(Extracted records):

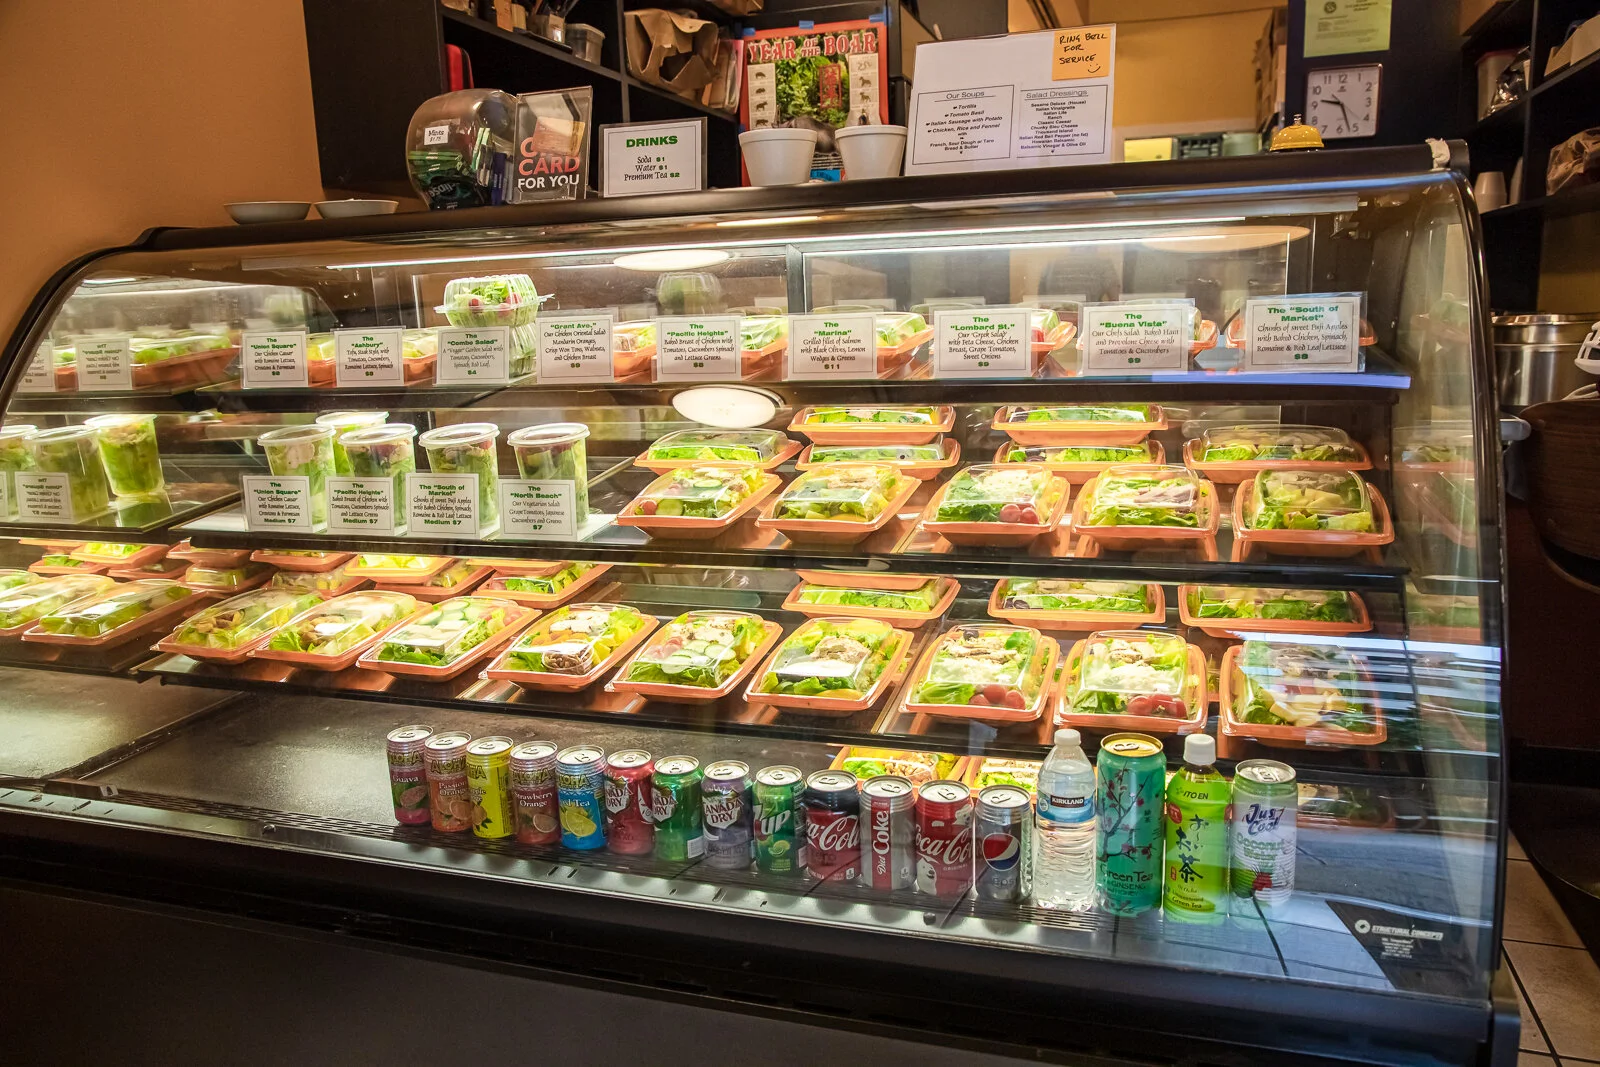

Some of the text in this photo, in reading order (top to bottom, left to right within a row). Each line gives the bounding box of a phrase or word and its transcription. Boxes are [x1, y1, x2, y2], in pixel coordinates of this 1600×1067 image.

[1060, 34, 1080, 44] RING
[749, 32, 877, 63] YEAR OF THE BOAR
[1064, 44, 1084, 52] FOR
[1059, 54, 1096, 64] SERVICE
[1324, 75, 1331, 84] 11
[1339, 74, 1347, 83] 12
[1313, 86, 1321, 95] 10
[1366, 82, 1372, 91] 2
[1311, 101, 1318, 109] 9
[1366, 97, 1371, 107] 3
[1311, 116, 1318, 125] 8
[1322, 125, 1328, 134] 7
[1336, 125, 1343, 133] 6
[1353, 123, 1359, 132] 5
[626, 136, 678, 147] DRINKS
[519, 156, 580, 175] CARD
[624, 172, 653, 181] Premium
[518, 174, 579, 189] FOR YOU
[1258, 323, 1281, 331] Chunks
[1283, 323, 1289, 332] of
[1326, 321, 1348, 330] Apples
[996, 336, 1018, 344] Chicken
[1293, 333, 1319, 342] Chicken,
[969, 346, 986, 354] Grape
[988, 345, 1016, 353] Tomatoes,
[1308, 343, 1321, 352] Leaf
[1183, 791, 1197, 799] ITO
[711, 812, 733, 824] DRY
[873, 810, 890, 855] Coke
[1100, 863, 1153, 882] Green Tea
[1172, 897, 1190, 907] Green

(Work to complete):
In your copy of the listing, please omit the pictures and keep every word exact.

(The answer):
Some of the text in this photo, in reading order (top to bottom, left to right within a row). Each line gives the bounding box of a phrase or word and its transcription. Boxes are [x1, y1, x2, y2], in pixel coordinates of this 1600×1067 image.

[1060, 34, 1080, 44] RING
[749, 32, 877, 63] YEAR OF THE BOAR
[1064, 44, 1084, 52] FOR
[1059, 54, 1096, 64] SERVICE
[1324, 75, 1331, 84] 11
[1339, 74, 1347, 83] 12
[1313, 86, 1321, 95] 10
[1366, 82, 1372, 91] 2
[1311, 101, 1318, 109] 9
[1366, 97, 1371, 107] 3
[1311, 116, 1318, 125] 8
[1322, 125, 1328, 134] 7
[1336, 125, 1343, 133] 6
[1353, 123, 1359, 132] 5
[626, 136, 678, 147] DRINKS
[519, 156, 580, 175] CARD
[624, 172, 653, 181] Premium
[518, 174, 579, 189] FOR YOU
[1258, 323, 1281, 331] Chunks
[1283, 323, 1289, 332] of
[1326, 321, 1348, 330] Apples
[996, 336, 1018, 344] Chicken
[1293, 333, 1319, 342] Chicken,
[969, 346, 986, 354] Grape
[988, 345, 1016, 353] Tomatoes,
[1308, 343, 1321, 352] Leaf
[1183, 791, 1197, 799] ITO
[711, 812, 733, 824] DRY
[873, 810, 890, 855] Coke
[1100, 863, 1153, 882] Green Tea
[1172, 897, 1190, 907] Green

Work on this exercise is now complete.